Ces événements ont ouvert la voie à d’autres accusations, notamment contre la directrice du département de biologie du CNRS, Catherine Jessus, et la présidente par intérim du CNRS, Anne Peyroche. Leurs sanctions ont été jugées moins sévères que celles infligées à Voinnet.
En réaction à ces scandales, l’État a missionné Pierre Corvol, un reconnu administrateur du Collège de France, pour élaborer un rapport en 2016. Ce dernier a servi de fondement à la réforme des pratiques de gestion des manquements à l’intégrité scientifique.
UN THERMOMÈTRE DES DYSFONCTIONNEMENTS DE LA RECHERCHE
Depuis le rapport Corvol, des mesures concrètes ont été instituées. L’intégrité scientifique est désormais définie par la loi comme l’assurance du « caractère honnête et scientifiquement rigoureux » des recherches, ce qui laisse chaque discipline adapter cette définition. Tous les organismes de recherche ont désigné un référent chargé d’examiner toute accusation de manquement.
130 manquements à l’intégrité scientifique dans la recherche française en 2022 et 2023.
Récemment, l’Office français de l’intégrité scientifique (Ofis) a été mis en place pour assurer une approche harmonisée des politiques d’intégrité. Leurs recommandations, publiées le 21 juillet, visent à « renforcer l’équité et la transparence » lors du signalement des manquements.
Le 28 mai, l’Ofis a présenté son premier rapport sur le traitement des manquements, que l’on espère devenir une référence pour évaluer les dysfonctionnements dans la recherche.
Pour 2022 et 2023, le rapport fait état d’au moins 130 manquements à l’intégrité scientifique, une estimation qui pourrait être sous-évaluée, à cause d’une réponse incomplète d’un tiers des établissements. Néanmoins, plusieurs grandes institutions ont fourni des données.
La biologie, la médecine, et les sciences humaines et sociales en tête.

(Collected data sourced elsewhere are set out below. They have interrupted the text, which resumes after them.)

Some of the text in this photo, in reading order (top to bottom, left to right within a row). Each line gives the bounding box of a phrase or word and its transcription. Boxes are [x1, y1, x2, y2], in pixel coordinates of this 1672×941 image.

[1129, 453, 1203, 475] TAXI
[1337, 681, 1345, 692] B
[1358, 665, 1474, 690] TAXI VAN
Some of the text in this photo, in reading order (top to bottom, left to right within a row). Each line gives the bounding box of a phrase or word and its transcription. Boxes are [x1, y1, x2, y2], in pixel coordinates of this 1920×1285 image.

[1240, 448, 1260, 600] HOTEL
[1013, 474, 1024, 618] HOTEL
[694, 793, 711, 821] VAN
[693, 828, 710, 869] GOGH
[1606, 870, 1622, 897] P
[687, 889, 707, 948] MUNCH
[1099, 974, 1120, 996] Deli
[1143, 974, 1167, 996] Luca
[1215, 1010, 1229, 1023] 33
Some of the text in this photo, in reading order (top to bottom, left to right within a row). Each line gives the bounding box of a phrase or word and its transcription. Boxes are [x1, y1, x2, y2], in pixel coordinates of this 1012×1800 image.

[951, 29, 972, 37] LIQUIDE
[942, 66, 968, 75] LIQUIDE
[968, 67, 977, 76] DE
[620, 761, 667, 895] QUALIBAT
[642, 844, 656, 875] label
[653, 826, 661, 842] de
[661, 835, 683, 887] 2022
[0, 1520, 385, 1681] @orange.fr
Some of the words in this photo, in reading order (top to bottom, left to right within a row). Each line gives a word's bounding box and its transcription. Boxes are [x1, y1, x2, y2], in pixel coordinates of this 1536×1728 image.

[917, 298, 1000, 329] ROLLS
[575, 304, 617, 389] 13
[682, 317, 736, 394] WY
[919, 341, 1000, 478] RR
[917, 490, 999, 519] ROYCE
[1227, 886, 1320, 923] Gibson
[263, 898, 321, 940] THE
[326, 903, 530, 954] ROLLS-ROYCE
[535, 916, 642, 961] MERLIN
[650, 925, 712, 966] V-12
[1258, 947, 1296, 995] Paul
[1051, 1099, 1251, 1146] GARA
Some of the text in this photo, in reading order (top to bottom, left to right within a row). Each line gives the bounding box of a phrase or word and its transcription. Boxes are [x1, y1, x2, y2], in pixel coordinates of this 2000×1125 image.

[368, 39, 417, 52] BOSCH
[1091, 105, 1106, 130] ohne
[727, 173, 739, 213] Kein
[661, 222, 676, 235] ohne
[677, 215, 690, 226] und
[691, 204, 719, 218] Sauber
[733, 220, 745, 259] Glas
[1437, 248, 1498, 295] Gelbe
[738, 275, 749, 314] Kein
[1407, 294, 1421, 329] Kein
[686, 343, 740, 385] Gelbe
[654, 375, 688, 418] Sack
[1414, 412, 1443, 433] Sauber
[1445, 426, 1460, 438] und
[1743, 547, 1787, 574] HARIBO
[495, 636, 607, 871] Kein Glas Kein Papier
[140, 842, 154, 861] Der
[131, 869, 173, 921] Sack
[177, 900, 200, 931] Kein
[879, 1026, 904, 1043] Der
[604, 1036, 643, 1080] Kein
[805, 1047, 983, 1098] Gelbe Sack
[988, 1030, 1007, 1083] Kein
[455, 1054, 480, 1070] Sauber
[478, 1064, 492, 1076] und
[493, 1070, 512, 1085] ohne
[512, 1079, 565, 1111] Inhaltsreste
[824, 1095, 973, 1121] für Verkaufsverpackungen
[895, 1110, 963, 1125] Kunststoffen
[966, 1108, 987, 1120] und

Les domaines les plus touchés comprennent la biologie et la médecine (55 cas) ainsi que les sciences humaines et sociales (32 cas), tandis que la physique et les mathématiques arrivent très loin derrière (4 et 2 cas respectivement). Les manquements se divisent entre :
- Conflits d’auteurs pour la signature d’article (40 cas)
- Plagiats (32 cas)
- Falsifications de résultats (18 cas)
- Mauvaise gestion des données (11 cas)
- Violations éthiques (6 cas)
- Non déclaration de conflits d’intérêt (6 cas)
- Fabrication de données (1 cas)
- Situations variées (11 cas)
FRAUDE ET PLAGIAT, MÊME COMBAT ?
Ce recensement illustre l’approche européenne des méconduites scientifiques. Contrairement aux États-Unis, où la fraude se limite aux cas de falsification et plagiat, l’Europe prend en compte une multitude de comportements qualifiés de pratiques de recherche questionnables.
Le plus souvent, la fraude authentique coexiste avec d’innombrables autres atteintes à l’éthique scientifique.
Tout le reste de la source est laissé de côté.